The forthcoming Union Budget assumes significance because it will be Mr.Chidambaram’s first budget after a gap of five years and the last full budget before next Lok Sabha elections.
Kotak Wealth Management
The forthcoming Union Budget assumes significance because it will be Chidambaram's first Budget after a gap of five years and the last full Budget before next Lok Sabha elections. We expect the Government to keep a Balance between Fiscal Consolidation and economic recovery. Based on sound bytes we can expect a pro capital market budget to sustain FII flows and moderate Current Account Deficit. The Finance Minister (FM) may raise taxes selectively and control expenditure to achieve the Fiscal goal. He would also focus on reviving investment demand since activity on the ground has still not picked up. Real GDP growth target for FY14 could be set at 6 percent v/s estimate of 5.5 percent in FY13.

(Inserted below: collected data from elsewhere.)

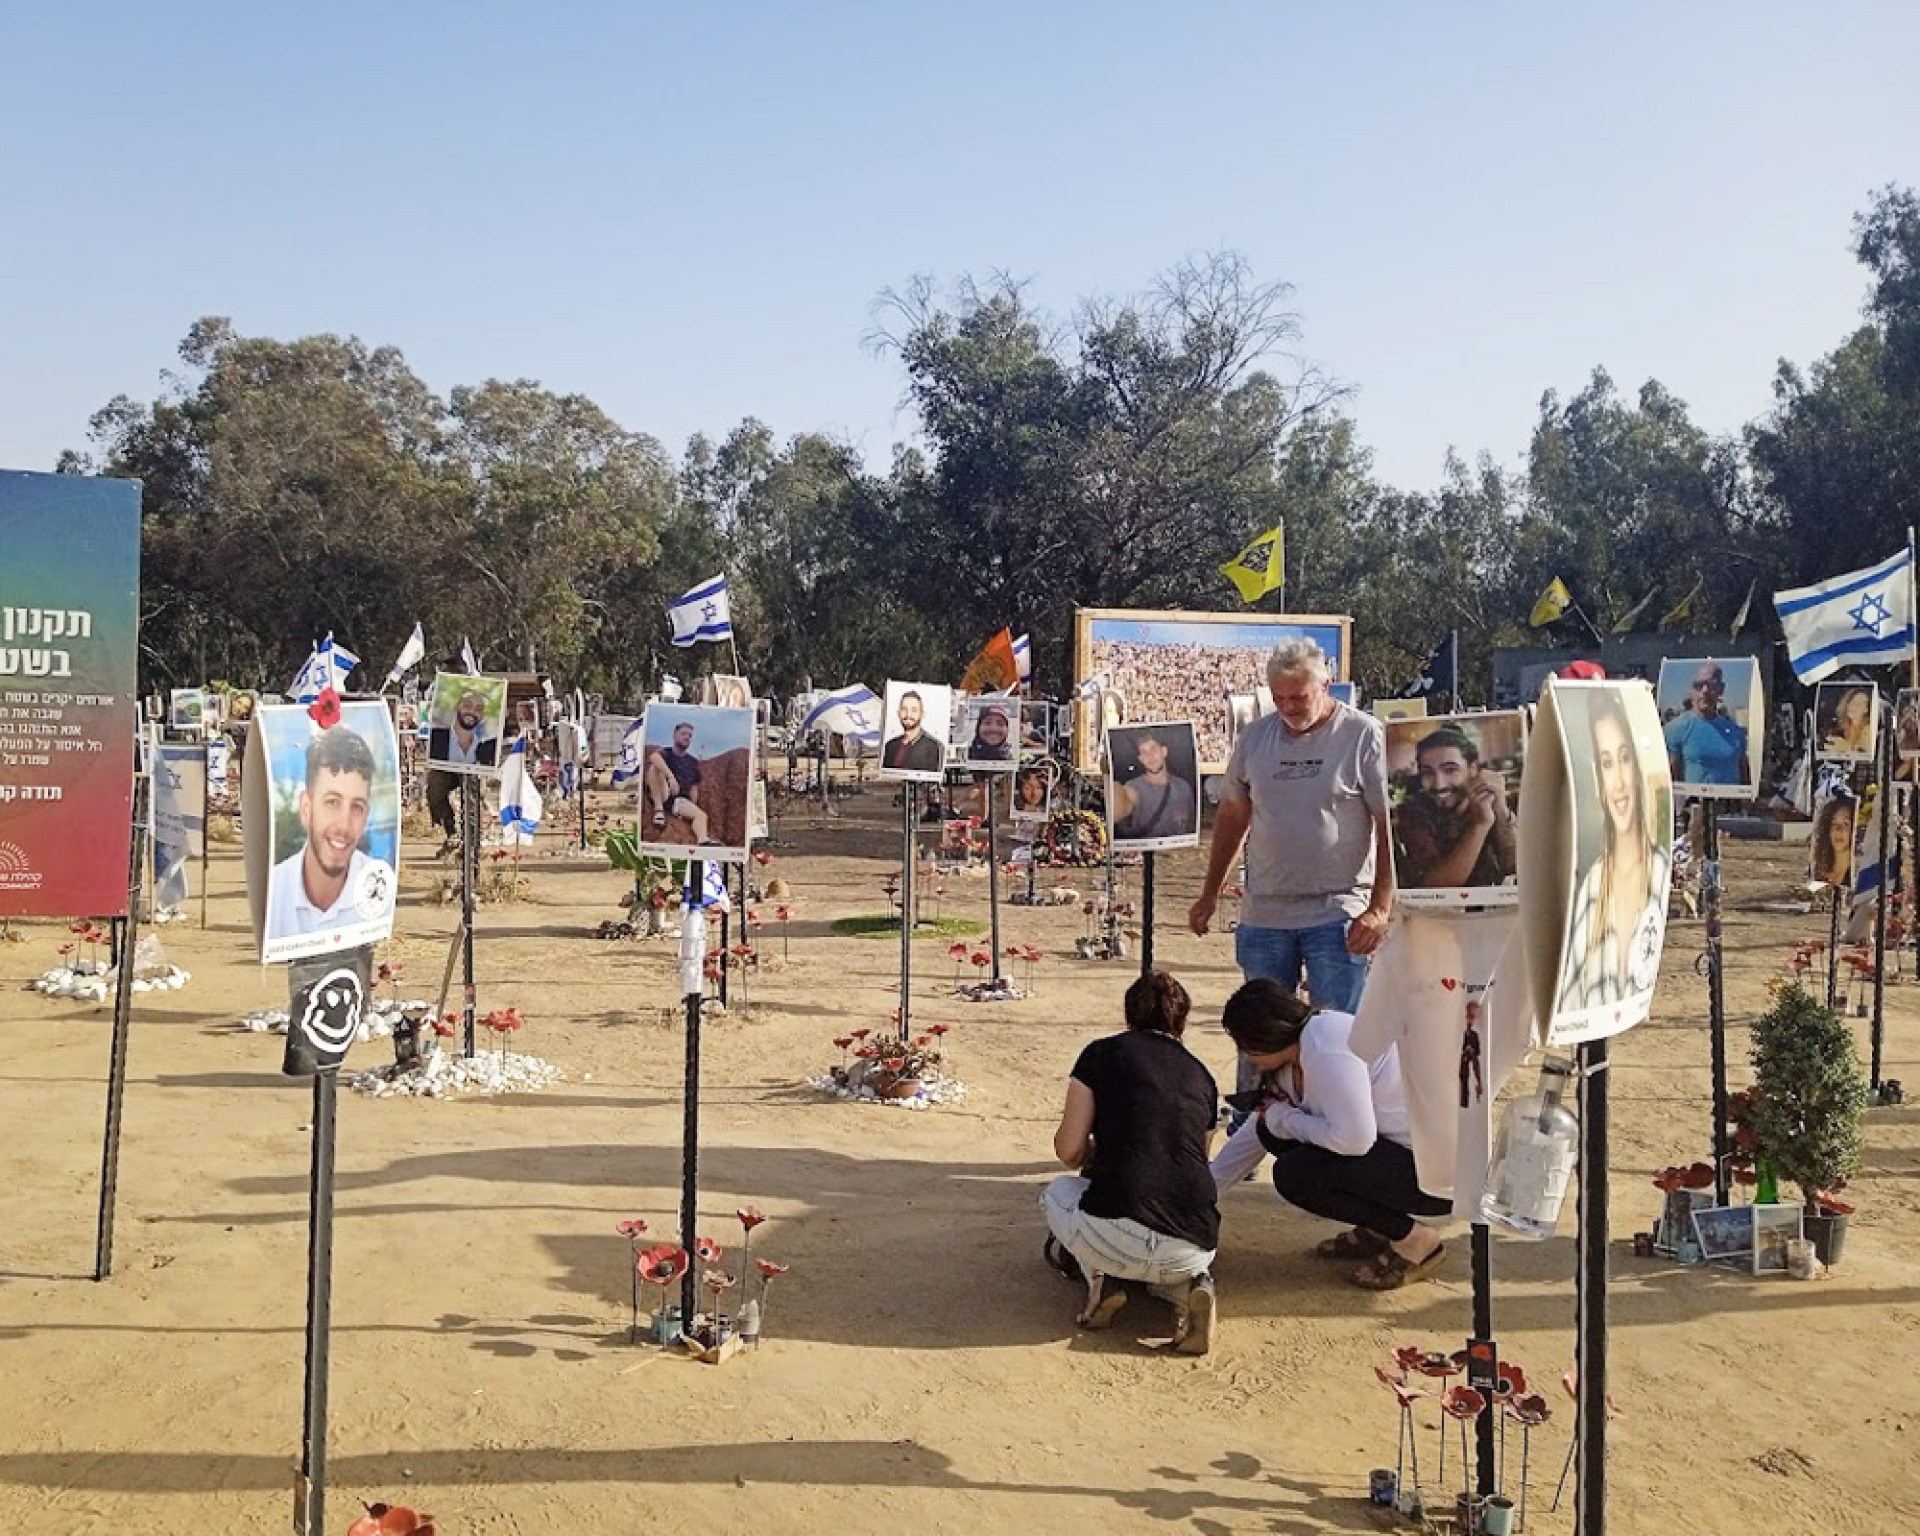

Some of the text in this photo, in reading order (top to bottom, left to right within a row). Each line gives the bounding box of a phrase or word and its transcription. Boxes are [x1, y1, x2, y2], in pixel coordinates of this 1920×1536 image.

[4, 606, 91, 642] תקנון
[42, 692, 73, 707] יקרים
[12, 708, 30, 718] את
[18, 723, 57, 735] התנהגו
[61, 725, 82, 736] אנא
[35, 738, 50, 750] על
[54, 740, 85, 751] איסור
[3, 752, 49, 765] שמרו על
[21, 785, 62, 799] תודה

Last four months have seen slew of reforms. Few recent measures such as Fuel price hike, increase in Gold import duty and increase in FII debt limit have come just before the Budget. To that extent the budget may try to take ahead some of the other pending reforms. Markets will keenly watch the FMs intent to tighten Fiscal Consolidation, since he has made promises on this front in his recent road shows. The FM has already stated his intention to reduce Fiscal Deficit to 4.8 percent of GDP in FY14 from our estimates of 5.4 percent in FY13. Oil subsidy and Disinvestment targets will play a crucial role in meeting the Fiscal Deficit target of 4.8 percent.

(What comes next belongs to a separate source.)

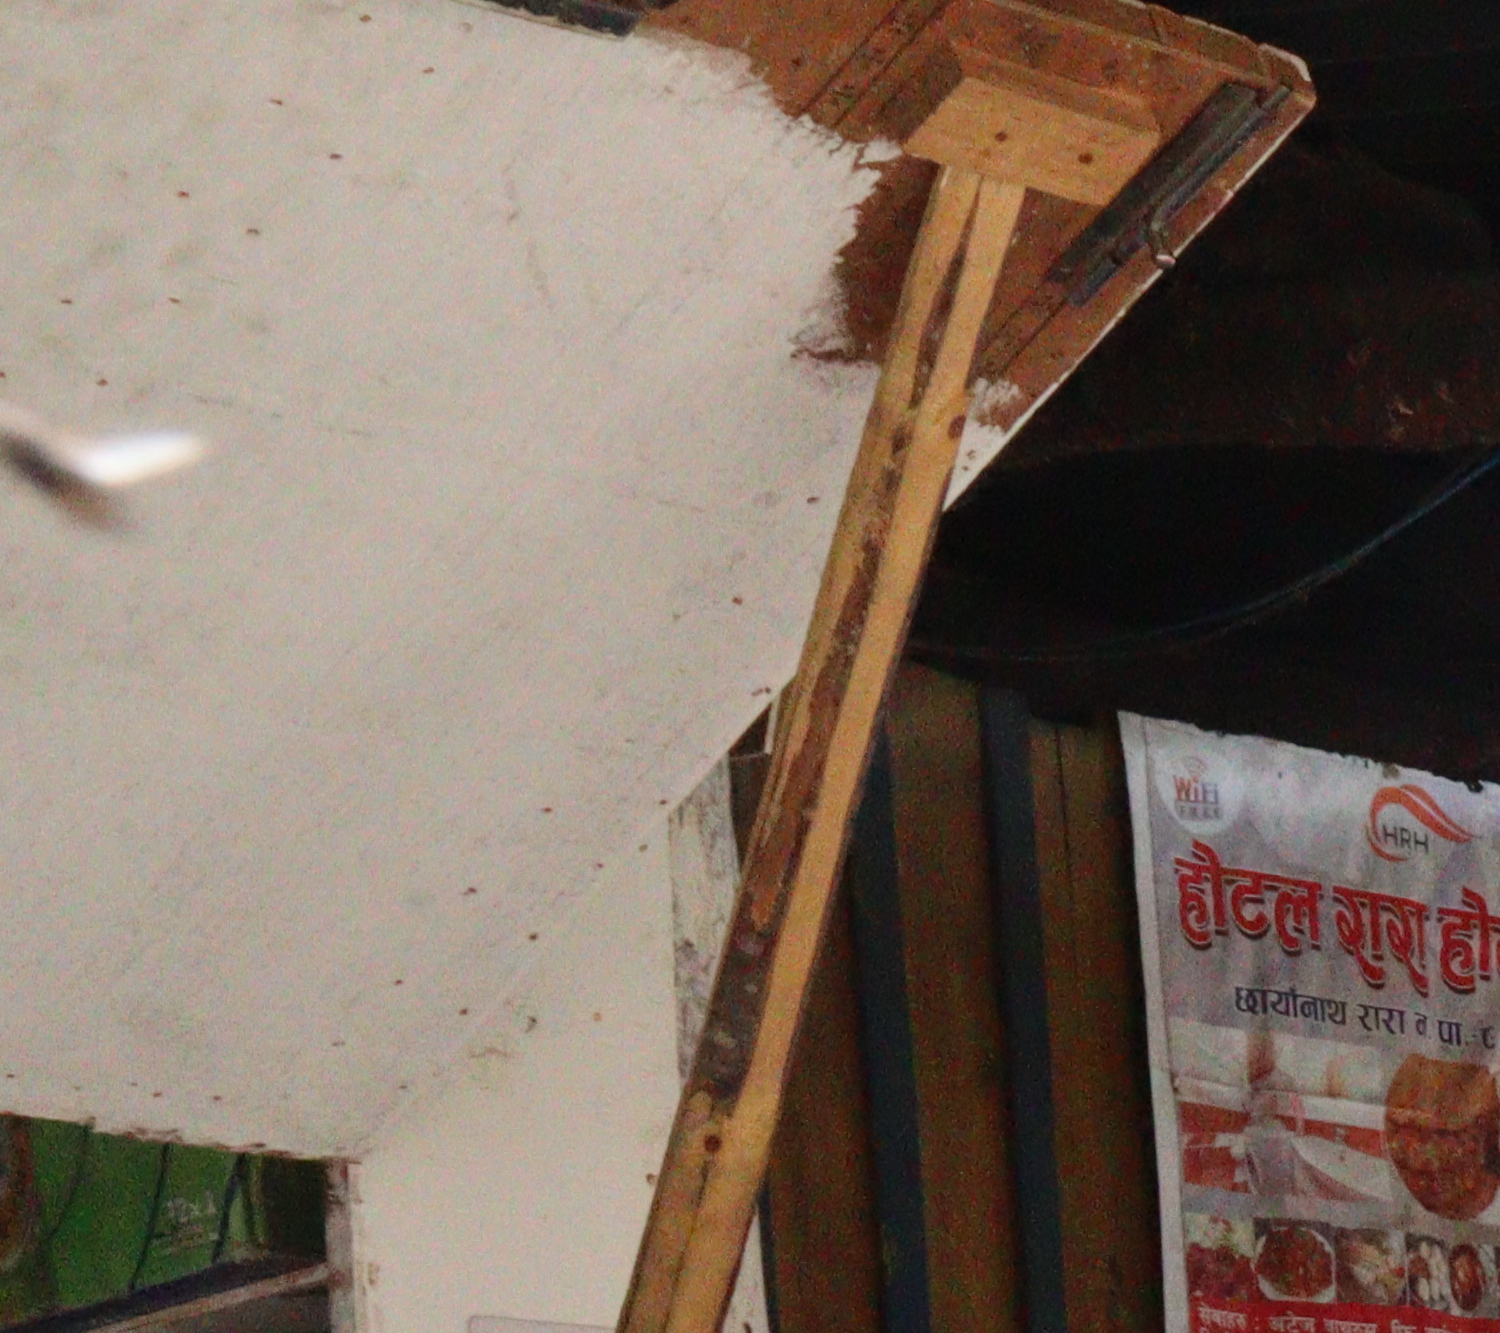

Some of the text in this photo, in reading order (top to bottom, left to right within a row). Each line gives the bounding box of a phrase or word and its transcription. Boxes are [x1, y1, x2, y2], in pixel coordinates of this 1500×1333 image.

We may not see much change in the existing excise and service tax rates (12 percent) given the ongoing economic slowdown. However, we do not rule out specific taxes in certain sectors and on individuals in the higher income slab. We see Government making positive announcements related to the infrastructure sector. DTC and GST are now expected to be implemented in FY15 only. However, some enabling measures may be announced in the budget. The FM could tweak capital market taxes (i.e. STT) and provide additional incentives for retail investors to boost financial savings.
The BSE Small Cap & CNX Mid Cap Index have corrected by 14 percent and 10 percent, respectively from their recent peaks. Broader Indices are close to the oversold zone and Nifty has not gone anywhere before the budget hence the risk of a sharp correction post budget is lower.